Blue work, 2012, bewerkte foto
Je ruimte is nooit groot genoeg
Omdat ik helemaal wit ben zet de meester vijf vlekken op
mijn huid. Hij verft mijn handen blauw. Dan valt het minder
op dat ik me niet thuis voel, zei hij er bij. Nou ja!
Zonder kleuren kan niemand kukeleku kraaien, maar met vijf
kleuren komen we een heel hihaho eind. En totaal ingekleurd
is het helemaal lachen en zijn we goedgoedgoed geraakt.

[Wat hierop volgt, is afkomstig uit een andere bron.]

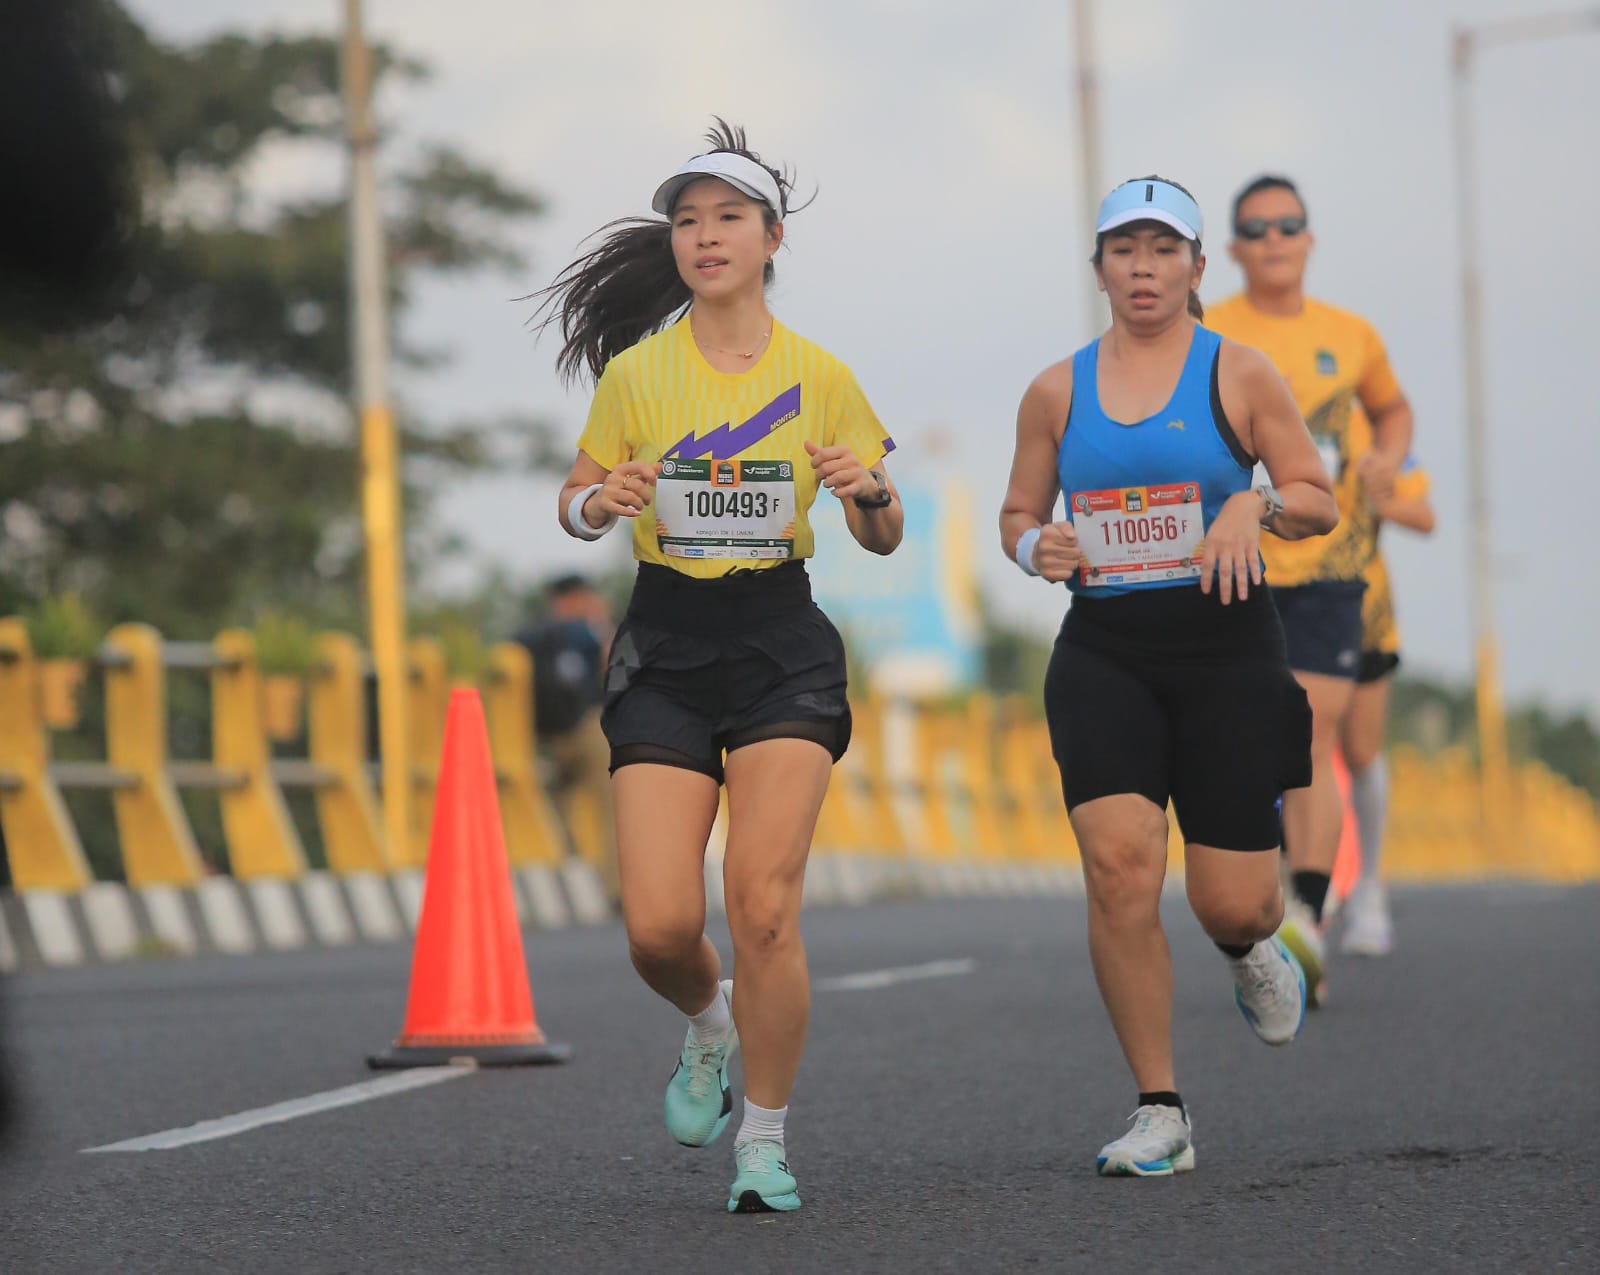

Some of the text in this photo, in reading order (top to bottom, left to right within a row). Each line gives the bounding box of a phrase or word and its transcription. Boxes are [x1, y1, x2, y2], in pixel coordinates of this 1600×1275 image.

Het allerliefst ben ik een groot vlak. Groter dan een mens is
alles echt goed.
Laat de kunstenaar zijn hoofd maar lekker breken, ik ben er
klaar voor. Tot zijn dienst. Mijn maker mag mij gepaste pen-
seelpootjes geven.
De schilder, hopelijk genadeloos, schildert met vastberaden,
ferme toets. Niet van dat voorzichtige, dat kriebelt.
Toch moet hij wel degelijk oppassen. Hoeveel giftig cadmium
kan ik verdragen?
Hoe dan ook, de schilder moet een scheel beest zijn, die
dwars door het doek kan zien. Voor dat het werk geschilderd
is heeft hij het al gezien. De rode schellen moeten daarbij
spontaan uit zijn mond vallen. Dat is zijn reclame.

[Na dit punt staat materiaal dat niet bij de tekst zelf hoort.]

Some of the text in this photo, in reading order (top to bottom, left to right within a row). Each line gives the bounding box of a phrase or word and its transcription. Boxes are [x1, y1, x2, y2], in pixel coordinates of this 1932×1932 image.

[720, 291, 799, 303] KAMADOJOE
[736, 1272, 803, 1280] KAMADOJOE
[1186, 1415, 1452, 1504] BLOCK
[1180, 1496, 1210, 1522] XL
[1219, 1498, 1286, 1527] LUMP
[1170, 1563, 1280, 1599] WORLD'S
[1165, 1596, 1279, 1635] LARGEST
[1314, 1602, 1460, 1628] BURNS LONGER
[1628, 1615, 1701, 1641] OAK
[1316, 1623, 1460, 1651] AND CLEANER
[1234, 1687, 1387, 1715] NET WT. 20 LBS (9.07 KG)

Zijn uithangbord zal de stad troosten.
En later liggen op de werktafel de uitgeknepen tubes als
achtergebleven, stijf opgerolde murmelmummies.
Tip van de kunstenaar:
Als je hoofd niet van goud is laat het gelijk door de mand
vallen.
Houdt je bron schoon voor later, iedere verzwegen schade
blijkt immers een moordkuil van het onbewaakte.
Schudt dus de kleuren van het radeloze als een wiewaworm
van je af.
Zo maakt men een schoon schilderij.
In het kiekeboemuseum zie je later vanzelf je fraaie resultaat.